## Information provided
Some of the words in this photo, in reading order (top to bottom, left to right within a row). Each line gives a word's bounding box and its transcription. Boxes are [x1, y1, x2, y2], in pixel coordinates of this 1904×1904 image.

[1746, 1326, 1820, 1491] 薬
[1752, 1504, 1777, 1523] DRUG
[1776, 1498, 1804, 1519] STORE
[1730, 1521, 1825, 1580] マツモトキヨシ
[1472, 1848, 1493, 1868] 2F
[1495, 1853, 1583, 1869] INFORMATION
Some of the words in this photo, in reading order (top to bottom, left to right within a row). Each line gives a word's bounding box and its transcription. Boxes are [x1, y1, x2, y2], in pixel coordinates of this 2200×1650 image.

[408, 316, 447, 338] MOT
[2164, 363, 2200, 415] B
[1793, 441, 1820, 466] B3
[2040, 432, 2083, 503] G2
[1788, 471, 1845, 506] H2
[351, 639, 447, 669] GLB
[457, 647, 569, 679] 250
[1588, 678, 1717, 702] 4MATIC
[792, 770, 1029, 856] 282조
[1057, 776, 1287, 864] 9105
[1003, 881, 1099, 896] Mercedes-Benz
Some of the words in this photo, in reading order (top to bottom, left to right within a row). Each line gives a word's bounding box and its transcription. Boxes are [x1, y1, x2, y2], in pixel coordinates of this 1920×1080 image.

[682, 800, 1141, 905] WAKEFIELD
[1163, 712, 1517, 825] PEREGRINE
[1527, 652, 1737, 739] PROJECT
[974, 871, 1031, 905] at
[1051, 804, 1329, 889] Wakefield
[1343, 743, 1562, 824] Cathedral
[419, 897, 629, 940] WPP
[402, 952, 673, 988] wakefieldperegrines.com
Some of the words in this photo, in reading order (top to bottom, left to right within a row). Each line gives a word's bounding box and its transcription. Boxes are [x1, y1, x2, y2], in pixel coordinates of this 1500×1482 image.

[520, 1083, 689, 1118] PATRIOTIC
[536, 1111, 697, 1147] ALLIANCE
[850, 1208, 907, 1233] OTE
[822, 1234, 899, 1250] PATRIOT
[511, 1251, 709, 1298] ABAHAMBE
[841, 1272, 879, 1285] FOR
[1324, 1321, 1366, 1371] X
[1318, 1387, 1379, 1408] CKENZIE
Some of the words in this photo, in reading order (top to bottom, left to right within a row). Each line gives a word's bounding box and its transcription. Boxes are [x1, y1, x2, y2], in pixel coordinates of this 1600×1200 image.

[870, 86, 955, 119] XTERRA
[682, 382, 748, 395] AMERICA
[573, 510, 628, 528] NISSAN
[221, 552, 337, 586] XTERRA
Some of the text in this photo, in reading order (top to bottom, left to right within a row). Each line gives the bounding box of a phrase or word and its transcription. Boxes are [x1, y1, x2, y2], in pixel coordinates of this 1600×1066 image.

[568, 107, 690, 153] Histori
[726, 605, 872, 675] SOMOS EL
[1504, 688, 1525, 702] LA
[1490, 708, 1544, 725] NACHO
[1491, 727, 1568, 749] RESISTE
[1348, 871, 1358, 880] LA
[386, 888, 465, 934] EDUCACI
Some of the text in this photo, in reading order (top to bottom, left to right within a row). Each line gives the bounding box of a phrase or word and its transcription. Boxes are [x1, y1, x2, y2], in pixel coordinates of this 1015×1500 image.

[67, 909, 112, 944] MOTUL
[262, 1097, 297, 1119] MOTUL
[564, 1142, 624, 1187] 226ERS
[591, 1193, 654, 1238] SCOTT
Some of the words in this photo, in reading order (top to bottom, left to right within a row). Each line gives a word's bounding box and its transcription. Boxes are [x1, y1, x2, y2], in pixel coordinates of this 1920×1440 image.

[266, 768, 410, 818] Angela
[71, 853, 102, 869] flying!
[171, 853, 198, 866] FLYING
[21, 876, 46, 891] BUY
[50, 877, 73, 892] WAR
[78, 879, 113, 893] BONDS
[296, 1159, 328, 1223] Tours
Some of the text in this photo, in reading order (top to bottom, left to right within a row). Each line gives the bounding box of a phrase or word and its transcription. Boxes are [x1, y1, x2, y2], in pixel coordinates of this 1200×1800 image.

## Exercise directions
Please reproduce every line of the material word for word.

## Problem solution
Some of the words in this photo, in reading order (top to bottom, left to right within a row). Each line gives a word's bounding box and its transcription. Boxes are [x1, y1, x2, y2], in pixel coordinates of this 1904×1904 image.

[1746, 1326, 1820, 1491] 薬
[1752, 1504, 1777, 1523] DRUG
[1776, 1498, 1804, 1519] STORE
[1730, 1521, 1825, 1580] マツモトキヨシ
[1472, 1848, 1493, 1868] 2F
[1495, 1853, 1583, 1869] INFORMATION
Some of the words in this photo, in reading order (top to bottom, left to right within a row). Each line gives a word's bounding box and its transcription. Boxes are [x1, y1, x2, y2], in pixel coordinates of this 2200×1650 image.

[408, 316, 447, 338] MOT
[2164, 363, 2200, 415] B
[1793, 441, 1820, 466] B3
[2040, 432, 2083, 503] G2
[1788, 471, 1845, 506] H2
[351, 639, 447, 669] GLB
[457, 647, 569, 679] 250
[1588, 678, 1717, 702] 4MATIC
[792, 770, 1029, 856] 282조
[1057, 776, 1287, 864] 9105
[1003, 881, 1099, 896] Mercedes-Benz
Some of the words in this photo, in reading order (top to bottom, left to right within a row). Each line gives a word's bounding box and its transcription. Boxes are [x1, y1, x2, y2], in pixel coordinates of this 1920×1080 image.

[682, 800, 1141, 905] WAKEFIELD
[1163, 712, 1517, 825] PEREGRINE
[1527, 652, 1737, 739] PROJECT
[974, 871, 1031, 905] at
[1051, 804, 1329, 889] Wakefield
[1343, 743, 1562, 824] Cathedral
[419, 897, 629, 940] WPP
[402, 952, 673, 988] wakefieldperegrines.com
Some of the words in this photo, in reading order (top to bottom, left to right within a row). Each line gives a word's bounding box and its transcription. Boxes are [x1, y1, x2, y2], in pixel coordinates of this 1500×1482 image.

[520, 1083, 689, 1118] PATRIOTIC
[536, 1111, 697, 1147] ALLIANCE
[850, 1208, 907, 1233] OTE
[822, 1234, 899, 1250] PATRIOT
[511, 1251, 709, 1298] ABAHAMBE
[841, 1272, 879, 1285] FOR
[1324, 1321, 1366, 1371] X
[1318, 1387, 1379, 1408] CKENZIE
Some of the words in this photo, in reading order (top to bottom, left to right within a row). Each line gives a word's bounding box and its transcription. Boxes are [x1, y1, x2, y2], in pixel coordinates of this 1600×1200 image.

[870, 86, 955, 119] XTERRA
[682, 382, 748, 395] AMERICA
[573, 510, 628, 528] NISSAN
[221, 552, 337, 586] XTERRA
Some of the text in this photo, in reading order (top to bottom, left to right within a row). Each line gives the bounding box of a phrase or word and its transcription. Boxes are [x1, y1, x2, y2], in pixel coordinates of this 1600×1066 image.

[568, 107, 690, 153] Histori
[726, 605, 872, 675] SOMOS EL
[1504, 688, 1525, 702] LA
[1490, 708, 1544, 725] NACHO
[1491, 727, 1568, 749] RESISTE
[1348, 871, 1358, 880] LA
[386, 888, 465, 934] EDUCACI
Some of the text in this photo, in reading order (top to bottom, left to right within a row). Each line gives the bounding box of a phrase or word and its transcription. Boxes are [x1, y1, x2, y2], in pixel coordinates of this 1015×1500 image.

[67, 909, 112, 944] MOTUL
[262, 1097, 297, 1119] MOTUL
[564, 1142, 624, 1187] 226ERS
[591, 1193, 654, 1238] SCOTT
Some of the words in this photo, in reading order (top to bottom, left to right within a row). Each line gives a word's bounding box and its transcription. Boxes are [x1, y1, x2, y2], in pixel coordinates of this 1920×1440 image.

[266, 768, 410, 818] Angela
[71, 853, 102, 869] flying!
[171, 853, 198, 866] FLYING
[21, 876, 46, 891] BUY
[50, 877, 73, 892] WAR
[78, 879, 113, 893] BONDS
[296, 1159, 328, 1223] Tours
Some of the text in this photo, in reading order (top to bottom, left to right within a row). Each line gives the bounding box of a phrase or word and its transcription. Boxes are [x1, y1, x2, y2], in pixel coordinates of this 1200×1800 image.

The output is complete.